Car depuis 2006, 75% salariés français déclarent être concernés par le stress et, selon la Sofres, 75% des cadres qui ont une charge de travail excessive disent qu'elle est permanente pendant l'année.



Stress et anxiété définissent le travail des salariés aujourd'hui


Une étude sur la santé au travail menée pendant deux ans par un réseau de médecins du travail dresse un portait accablant des risques psychosociaux provoqués par le travail. D'après les résultats provisoires de cette enquête, 37% des femmes et 24% des hommes souffrent d'un mal-être profond. Un mal-être qui se caractérise par de l'anxiété, des symptômes dépressifs, des troubles du sommeil et des relations sociales.


Les résultats révèlent que ces troubles de santé sont avant tout liés à l'organisation du travail et au mode de management.
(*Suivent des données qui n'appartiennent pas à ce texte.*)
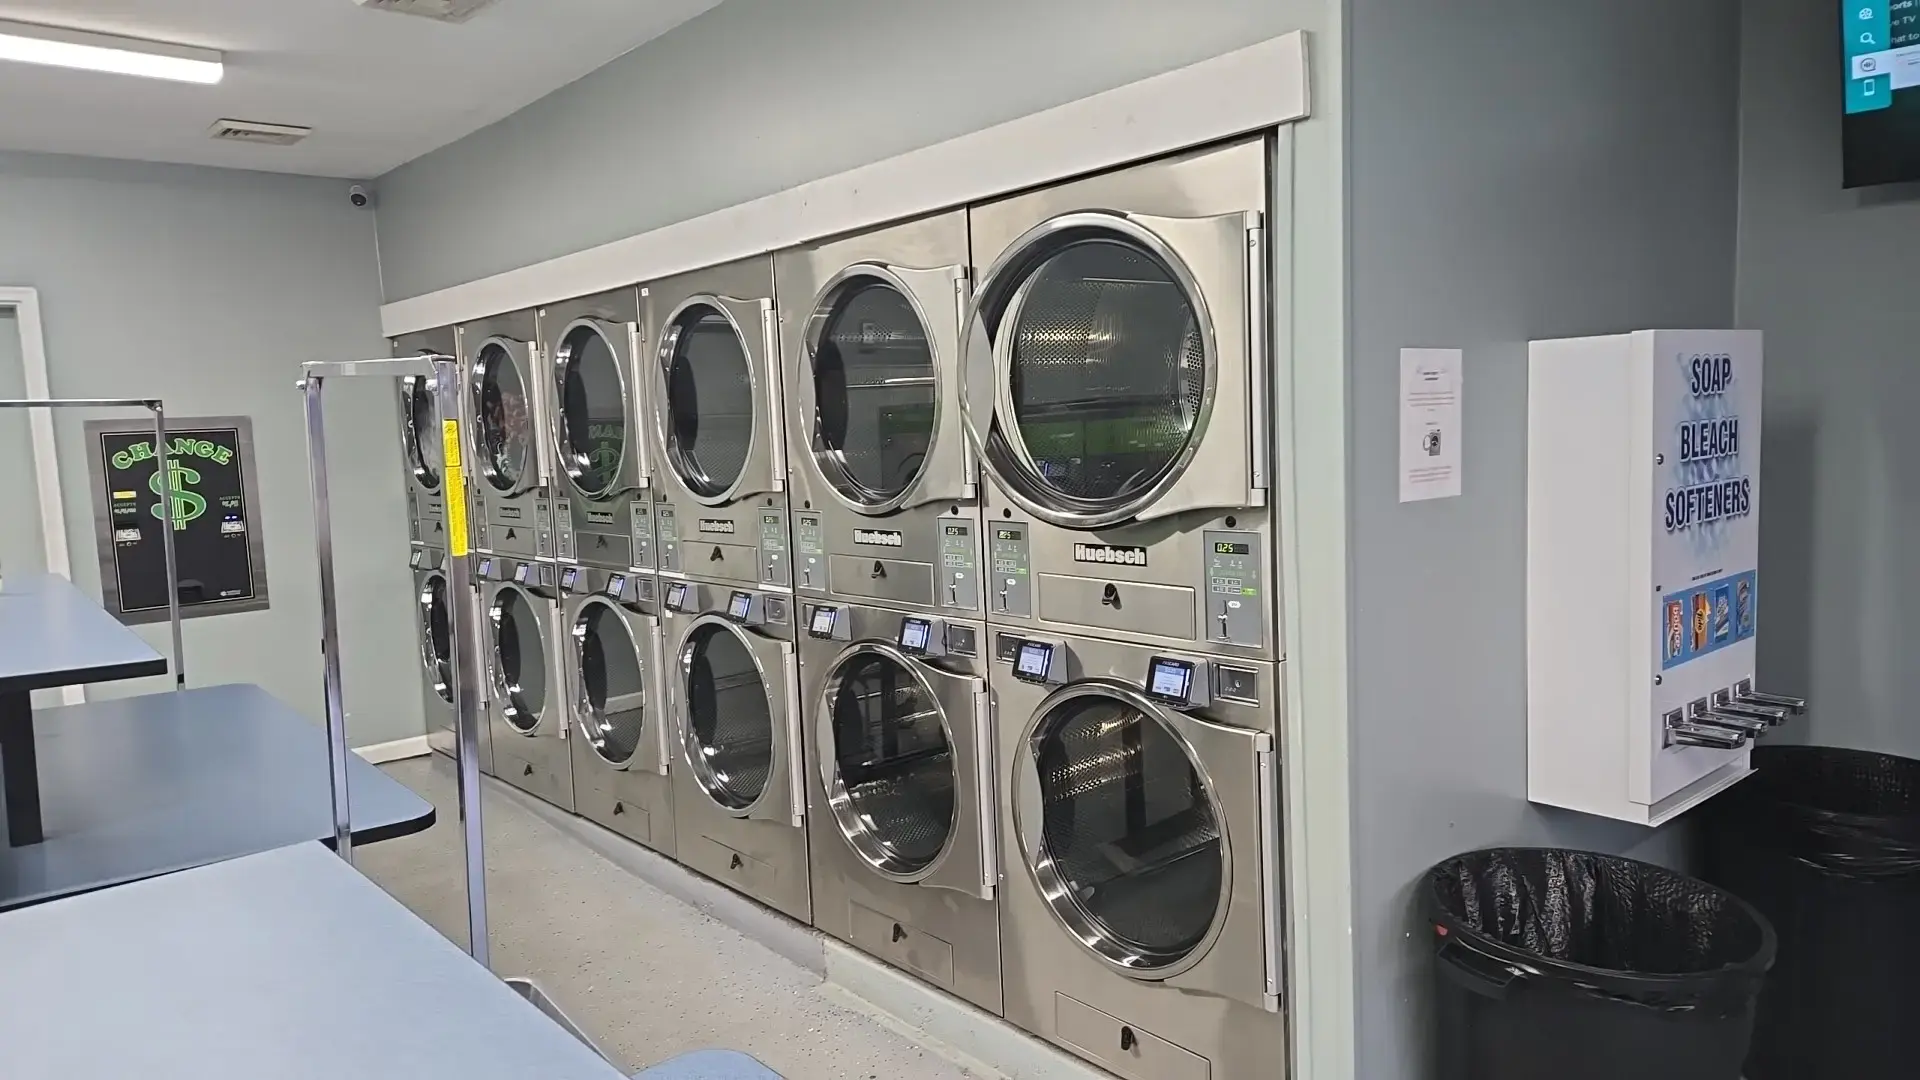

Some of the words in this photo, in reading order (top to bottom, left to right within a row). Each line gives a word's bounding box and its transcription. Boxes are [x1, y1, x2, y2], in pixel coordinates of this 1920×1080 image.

[1902, 15, 1916, 24] TV
[1691, 355, 1732, 395] SOAP
[1680, 419, 1740, 461] BLEACH
[1665, 478, 1750, 530] SOFTENERS
[1075, 544, 1146, 565] Huebsch
[1216, 543, 1234, 553] 0.25
En effet, des horaires de travail atypique, une faible latitude décisionnelle ou un faible soutien social sont selon eux des facteurs de risques psychosociaux. De plus, certains secteurs génèrent beaucoup plus de troubles de santé que d'autres. Ainsi, sans surprise, les secteurs banquiers et financiers sont ceux qui concentrent la part la plus élevée de salariés manifestant des symptômes « dépressifs ou anxieux ». Une étude de l'IFAS avait déjà montré que chaque entreprise possède des populations « sur stressées » qui lui est propre. Plus les rythmes de travail sont cadencés et plus le nombre de salariés « sur-stressés » augmente.
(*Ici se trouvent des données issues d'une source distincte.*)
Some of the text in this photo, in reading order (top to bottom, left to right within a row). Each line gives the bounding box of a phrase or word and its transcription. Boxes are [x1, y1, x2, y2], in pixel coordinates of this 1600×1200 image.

Concernant les cadres, ils ne sont pas en reste. 70% d'entre eux sont surexposés à un facteur aggravant de risques psychosociaux : la forte demande psychologique (Fig. 1). Le fait de devoir se « surinvestir » au travail ou encore d'accomplir des tâches contraire à leur conscience professionnelle serait ainsi une des causes principales de stress chez les cadres.



Manque de reconnaissance : principal mal-être au travail


La souffrance au travail survient lorsqu'un individu n'a pas les ressources nécessaires pour mener à bien ses fonctions. Mais cette souffrance survient aussi lorsque les efforts entretenus ne sont pas considérés à leur juste valeur. Toujours d'après l'étude menée par les médecins du travail les salariés qui ressentent un décalage entre leur investissement au travail et la reconnaissance de celui-ci sont presque trois fois plus nombreux à ressentir un stress accru. Les entreprises s'attachent tant aux résultats qu'elles se sont totalement désintéressées du travail effectif des cadres. Les efforts fournis ne sont mesurés qu'à l'aune des tableaux de bords et autre reporting qu'ils remplissent quotidiennement.


Cette mesure virtuelle du travail efface totalement la dimension humaine de l'investissement au travail. Pourtant, dans le même temps, il est demandé aux cadres de faire preuve d'un engagement fort vis à vis de l'entreprise. Ce décalage entre leur fort investissement et la faible reconnaissance de la part des employeurs a des effets dévastateurs sur le monde du travail.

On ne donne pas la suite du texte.